Face aux atrocités commises en Ukraine, à Gaza, en Cisjordanie occupée, au Liban, sur les deux rives du golfe Persique et ailleurs, les pays démocratiques réclament régulièrement le respect de l’État de droit. Sauf que, si on y regarde de près, près de la moitié des pays de la planète ne sont pas démocratiques. Plus exactement 89 des 193 états membres des Nations Unies sont soit des dictatures, soit des nations avec des élections de façade qui cachent des régimes autoritaires peu respectueux des libertés fondamentales.

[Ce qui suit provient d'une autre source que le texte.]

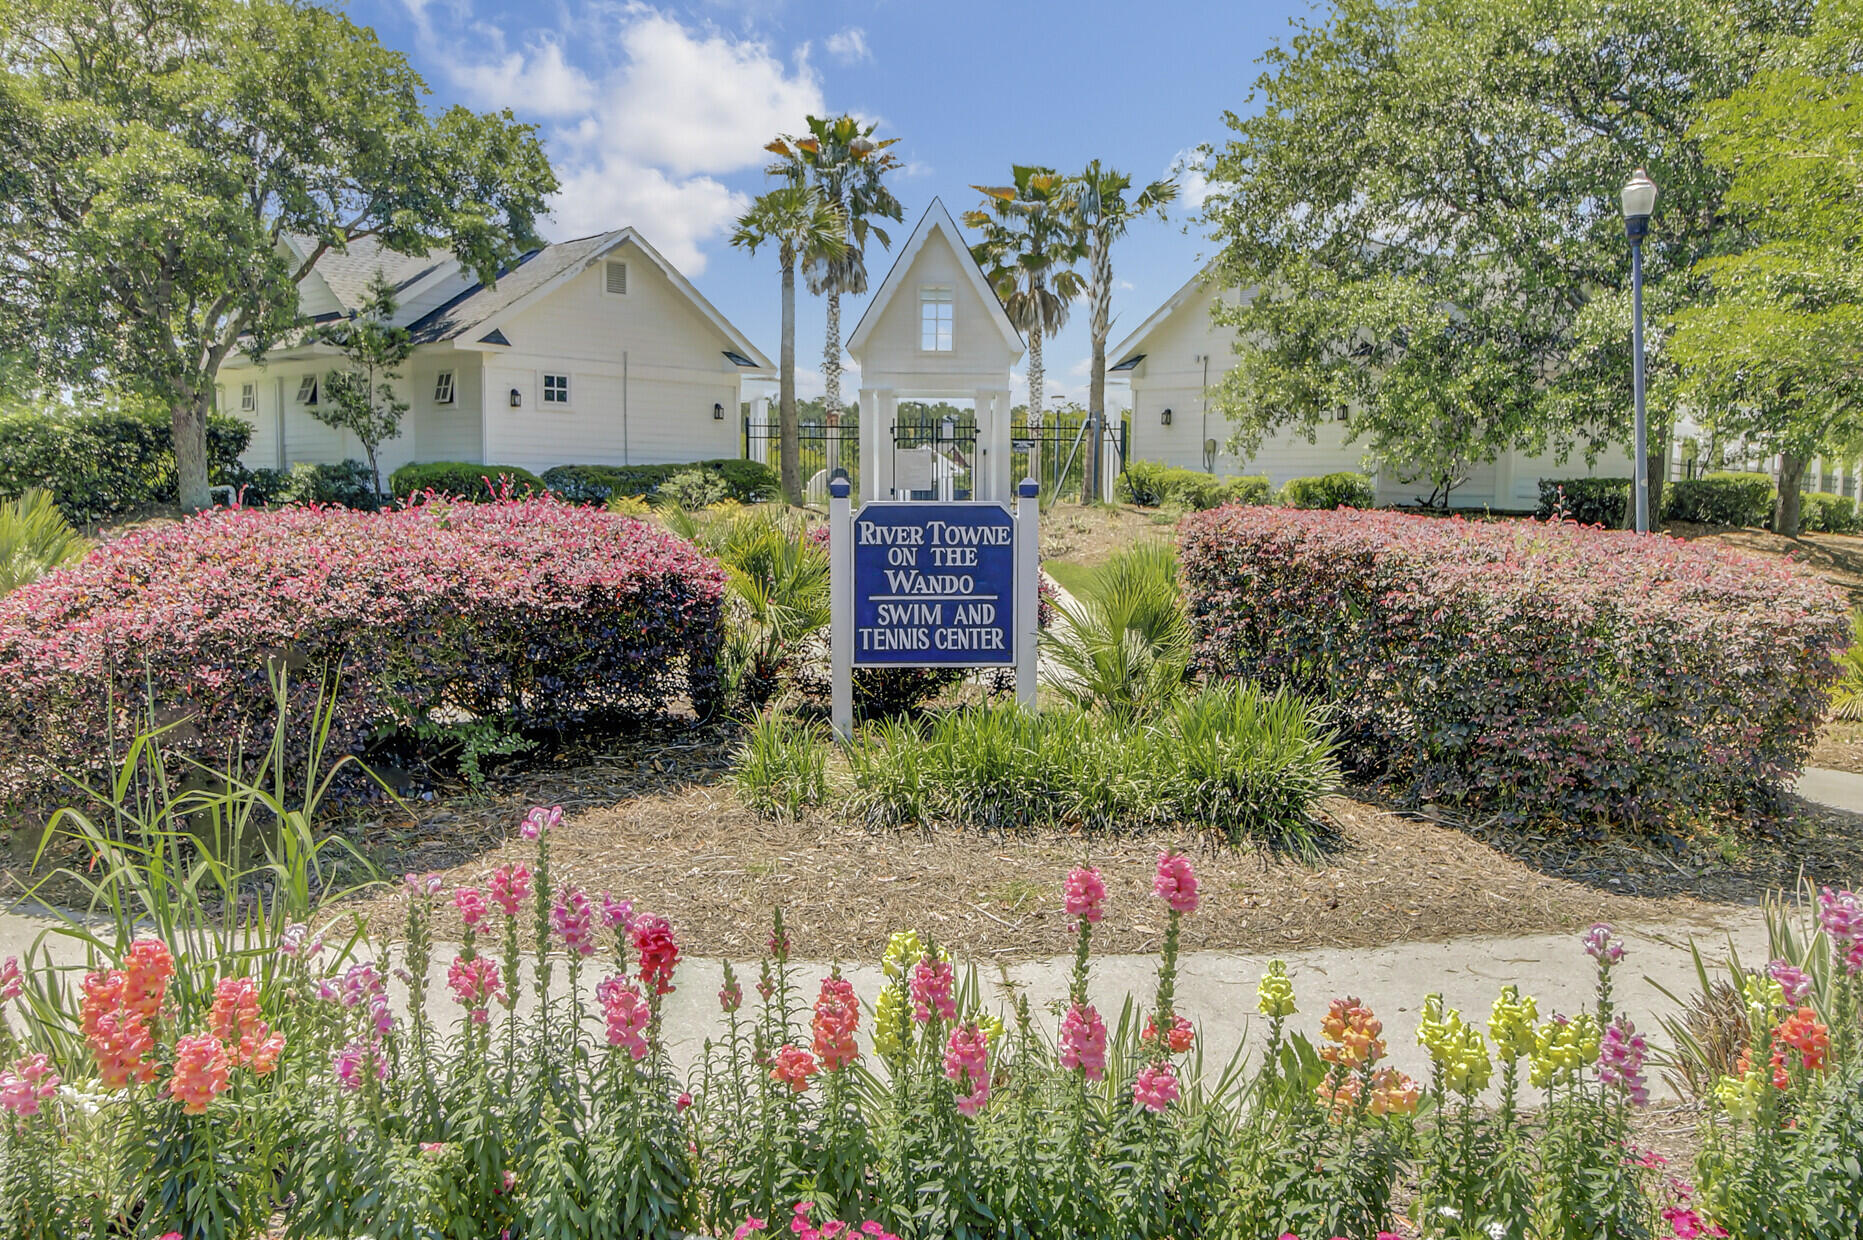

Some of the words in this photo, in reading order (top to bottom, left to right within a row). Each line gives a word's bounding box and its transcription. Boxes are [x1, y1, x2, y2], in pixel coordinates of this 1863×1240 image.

[858, 521, 925, 545] RIVER
[926, 521, 1011, 545] TOWNE
[888, 547, 918, 566] ON
[930, 547, 978, 566] THE
[884, 569, 974, 594] WANDO
[878, 604, 942, 625] SWIM
[953, 604, 996, 625] AND
[859, 628, 930, 650] TENNIS
[934, 628, 1005, 650] CENTER

Jugement encore plus sévère, l’ONG Human Rights Foundation a mis au point un « indice de tyrannie » qui lui fait conclure qu’il n’y a que 23,5 % de la population mondiale qui vit sous un régime démocratique. 41,4 % des humains vivant sous des dictatures et 35 % sous des régimes autoritaires hybrides.[1]

Les increvables

La longévité politique d’un dirigeant est un bon indice de la présence d’un autocrate. La plupart de ces inamovibles sont inconnus du grand public, mais une bonne douzaine d’entre eux s’accrochent au pouvoir depuis le siècle dernier.

Le plus ancien est le monarque absolu du Brunei, dans le nord de l’île de Bornéo. Le sultan Hassanal Bolkiah est assis sur son trône depuis 1967. La première et dernière élection dans ce pays a eu lieu en 1962.

Teodoro Obiang Nguema Mbasogo, est président de la Guinée équatoriale depuis un coup d’État en août 1979. Trafiquants de drogue notoires, lui et sa famille siphonnent les richesses pétrolières d’un pays où le salaire mensuel moyen est de 399 $.

Paul Biya, numéro trois des vieux dictateurs, est en selle au Cameroun depuis 1982. Ce pays est considéré par Transparency International comme un des plus corrompus de la planète.

Yoweri Museveni, le numéro quatre, dirige l’Ouganda depuis 1986 grâce à une répression permanente des oppositions. Signe particulier : obsession face à l’homosexualité, les homosexuels « récidivistes » sont passibles de la peine de mort.

Le numéro cinq est un monarque absolu, le roi Msawati III d’Eswatini, l’ancien Swaziland, depuis 1986. C’est lui qui désigne les députés et les sénateurs. Il a 20 BMW et 20 Rolls-Royce, ainsi que douze épouses et deux fiancées.

Isaias Afwerki préside l’Érythrée depuis son indépendance en 1993. Dictature au départ marxiste-léniniste, ce pays qui vit sous un régime de parti unique est parfois qualifié de Corée du Nord d’Afrique.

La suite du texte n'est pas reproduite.